— TASK DESCRIPTION —
Without any pictures, restate the full set of records below exactly.

— MATERIAL PROVIDED —

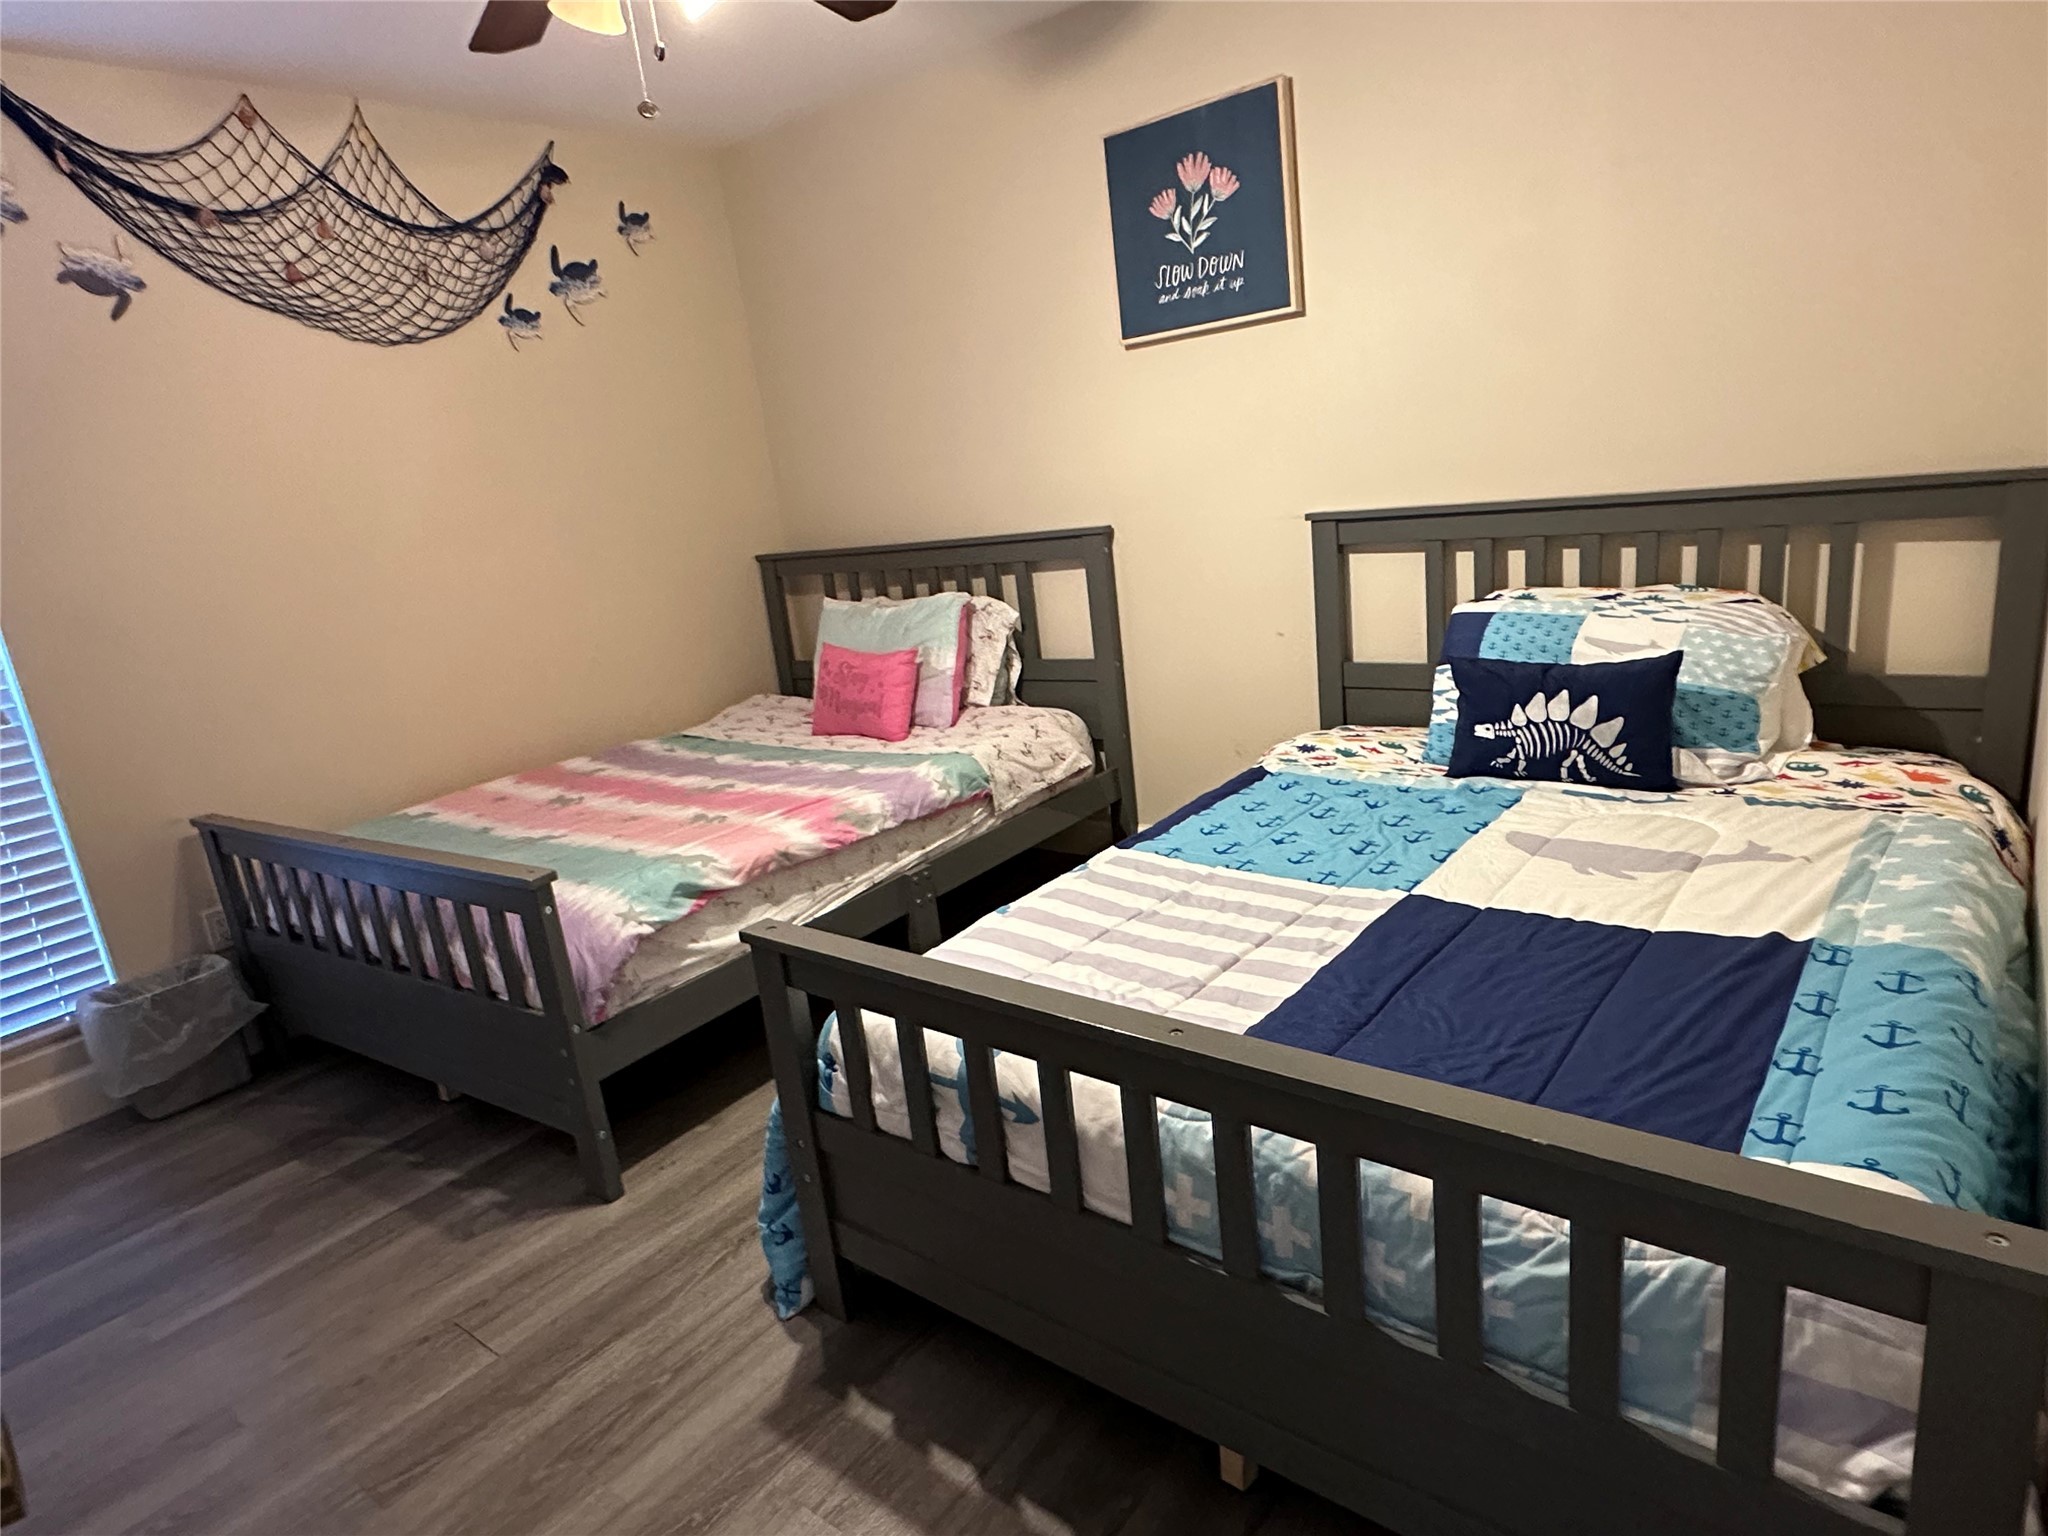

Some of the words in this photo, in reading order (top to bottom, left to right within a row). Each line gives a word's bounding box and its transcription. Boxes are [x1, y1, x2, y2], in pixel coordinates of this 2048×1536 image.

[1154, 262, 1194, 289] SLOW
[1198, 250, 1245, 279] DOWN
[1158, 288, 1181, 304] and
[1183, 280, 1211, 299] soak
[1212, 276, 1226, 293] it
[1229, 277, 1245, 292] up

— EXERCISE SOLUTION —
Some of the words in this photo, in reading order (top to bottom, left to right within a row). Each line gives a word's bounding box and its transcription. Boxes are [x1, y1, x2, y2], in pixel coordinates of this 2048×1536 image.

[1154, 262, 1194, 289] SLOW
[1198, 250, 1245, 279] DOWN
[1158, 288, 1181, 304] and
[1183, 280, 1211, 299] soak
[1212, 276, 1226, 293] it
[1229, 277, 1245, 292] up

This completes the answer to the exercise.